Pour une génération, Timisoara est la ville de la Révolution qui entraîna la chute du régime de Nicolae Ceausescu en 1989. Les plus jeunes s’en souviennent plutôt comme de la Capitale européenne de la Culture 2023. Mais on ignore souvent que « la petite Vienne », ainsi qu’on la surnomme, a été dans les années 1970 un foyer artistique éminemment vivant. C’est là que Stefan Bertalan (1930-2014), enseignant à l’École supérieure d’art, a co-fondé en 1965, avec ses collègues Roman Cotoșman et Constantin Flondor, le Groupe 111, considéré comme le premier collectif d’artistes d’avant-garde en Roumanie. Active pendant quatre ans, l’entité se dissout pour se reconstituer autour d’artistes, d’architectes, de photographes, de chercheurs, de mathématiciens, sous le nom de Sigma. Bertalan, qui en est la figure majeure, s’appuie sur les sciences du vivant pour questionner les lois de l’univers. Il expérimente de nombreux projets dans le cadre du département d’architecture de l’Institut polytechnique où il est nommé en 1971 et développe une œuvre originale témoignant d’une rare indépendance d’esprit. La reconnaissance internationale intervient un an avant sa mort, quand Massimiliano Gioni l’invite à participer à la 55e Biennale de Venise. L’Estate de l’artiste est désormais géré par la galerie Esther Schipper, qui lui consacre une exposition à Paris jusqu’au 10 mai 2025.

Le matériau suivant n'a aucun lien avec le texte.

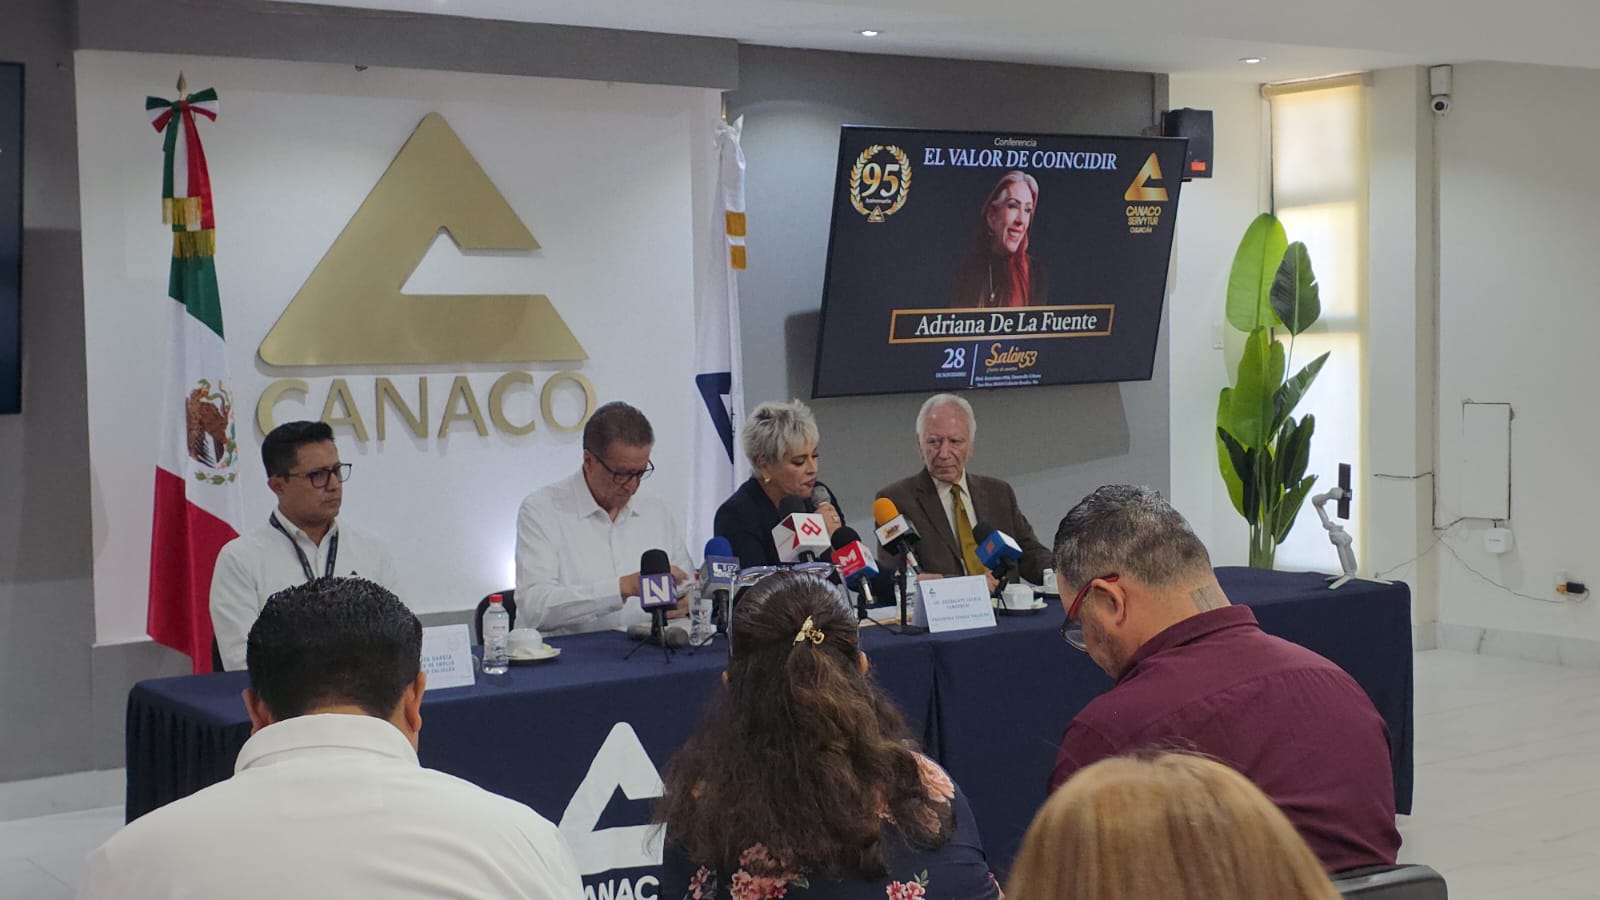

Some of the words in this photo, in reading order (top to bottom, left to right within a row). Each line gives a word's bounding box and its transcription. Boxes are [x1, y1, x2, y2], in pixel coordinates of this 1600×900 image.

Vue de l’exposition « Ștefan Bertalan. In Tune With The World », Art Encounters Foundation, Isho Center, Timisoara, Roumanie. Photo : Remus Daescu
La rétrospective de grande ampleur présentée par la Fondation Art Encounters dans la ville qui a tant compté pour lui confirme la place de cet artiste sur la scène contemporaine. Intitulée « In tune with the world », elle se déploie sur 1 000 mètres carrés et rassemble 250 peintures, dessins, photographies sous le commissariat de Bernard Blistène.L’attachement de ce dernier au pays de Tristan Tzara, de Constantin Brancusi, de Victor Brauner est ancien, et ses relations professionnelles avec le collectionneur et homme d’affaires Ovidiu Sandor, président de la fondation, remonte au tout début de sa création à Timisoara en 2015. Sandor, en effet, est souvent venu à Paris faire part de ses intentions et solliciter certains prêts du musée national d’Art moderne. Il a ainsi permis la réalisation d’expositions d’artistes roumains peu présentés auparavant sur leur terre natale, à l’instar de Constantin Brancusi.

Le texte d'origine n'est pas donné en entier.